WASHINGTON — More than 11 years after the Sept. 11 terrorist attacks, it remains possible to use fake boarding passes to get through airport security checks, according to new evidence from security researchers and official documents.
The security vulnerabilities could allow terrorists or others on “no-fly” lists to pass through airport checkpoints with fraudulent passes and proceed through expedited screening. They could even board planes, security analysts warn.
The Washington Post was alerted to the vulnerabilities by passengers and verified them through independent security experts. At the request of federal officials, The Post is withholding details that would make it easier to exploit the vulnerabilities.
The security gaps center on airline boarding passes. According to security researchers, the bar codes on those passes can be manipulated with widely available technology to change information they contain.

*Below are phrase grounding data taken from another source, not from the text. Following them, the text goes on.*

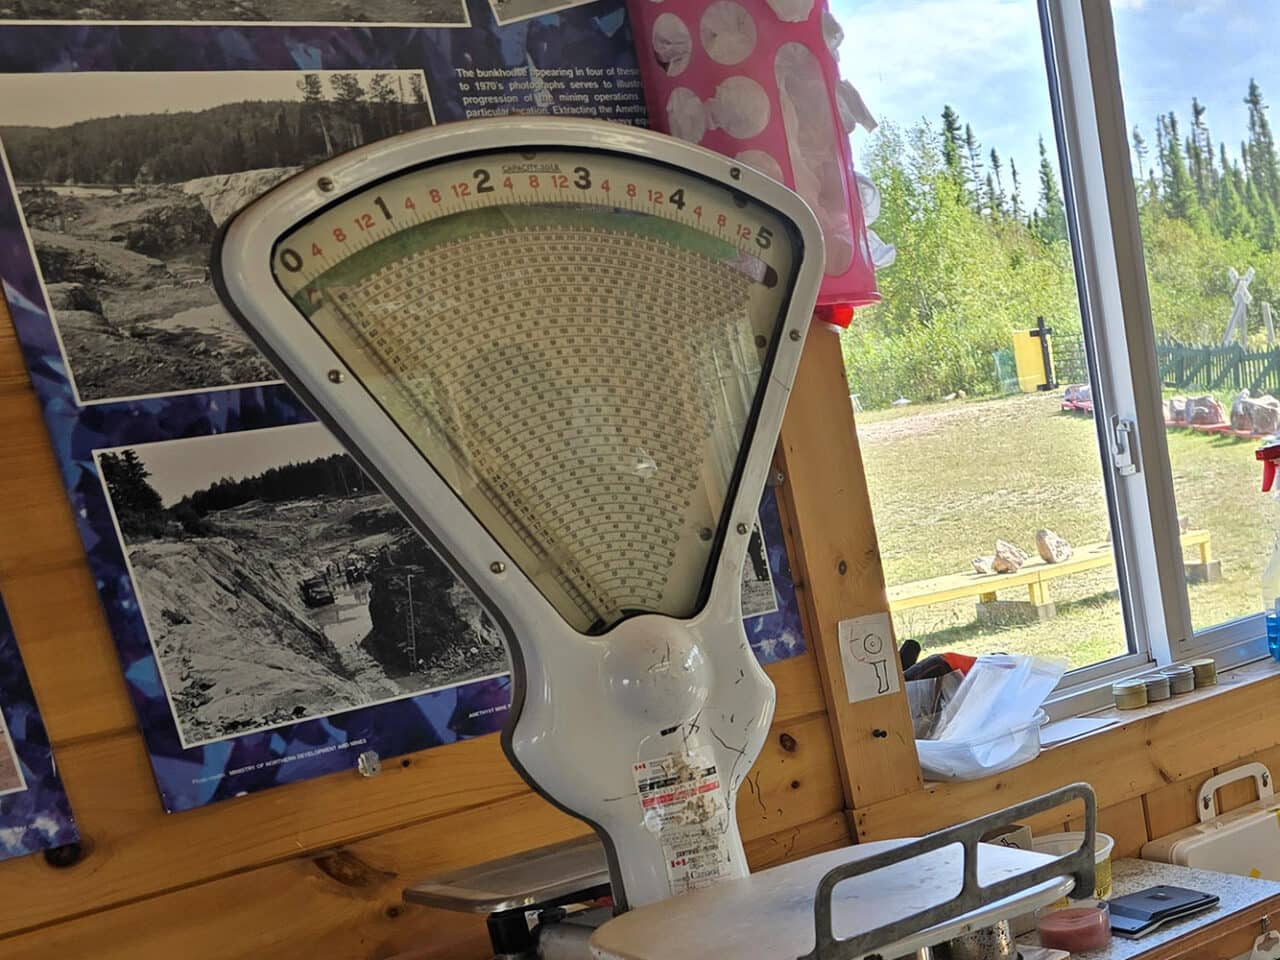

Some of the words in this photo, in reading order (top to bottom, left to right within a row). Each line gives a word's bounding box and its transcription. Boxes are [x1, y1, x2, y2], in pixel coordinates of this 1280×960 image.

[456, 68, 475, 78] The
[476, 66, 528, 78] bunkhouse
[576, 66, 584, 76] in
[586, 66, 603, 76] four
[606, 66, 615, 76] of
[459, 82, 470, 91] to
[475, 81, 504, 91] 1970's
[509, 80, 566, 92] photographs
[570, 81, 599, 89] serves
[603, 80, 612, 89] to
[463, 95, 518, 106] progression
[524, 93, 533, 102] of
[559, 93, 589, 104] mining
[594, 93, 638, 103] operations
[466, 107, 509, 119] particular
[552, 105, 598, 116] Extracting
[598, 105, 613, 113] the
[280, 249, 303, 273] 0
[311, 243, 323, 257] 4
[333, 228, 347, 243] 8
[354, 214, 376, 232] 12
[374, 196, 393, 220] 1
[405, 197, 416, 211] 4
[429, 189, 442, 204] 8
[451, 182, 472, 198] 12
[473, 169, 495, 194] 2
[503, 176, 514, 190] 4
[529, 175, 539, 188] 8
[552, 175, 570, 189] 12
[574, 166, 592, 190] 3
[601, 179, 610, 192] 4
[626, 183, 637, 198] 8
[648, 190, 664, 205] 12
[669, 188, 686, 210] 4
[693, 205, 702, 218] 4
[717, 214, 727, 226] 8
[736, 223, 752, 239] 12
[755, 226, 774, 249] 5

Information about reading and altering boarding pass bar codes has circulated on online forums for several months and has recently been picked up by security researchers. Many of them note that the potential for tampering with passes has been exacerbated by the proliferation of smartphones that can read the bar codes and free software that can manipulate them.
Security guidelines set by the Transport Security Administration allow airlines to add an encrypted “digital signature” to prevent board passes from being altered. Not all passes include authentication.
“It's alarming — this basically negates the no-fly list,” said Chris Soghoian, a fellow at Indiana University's Center for Applied Cybersecurity Research.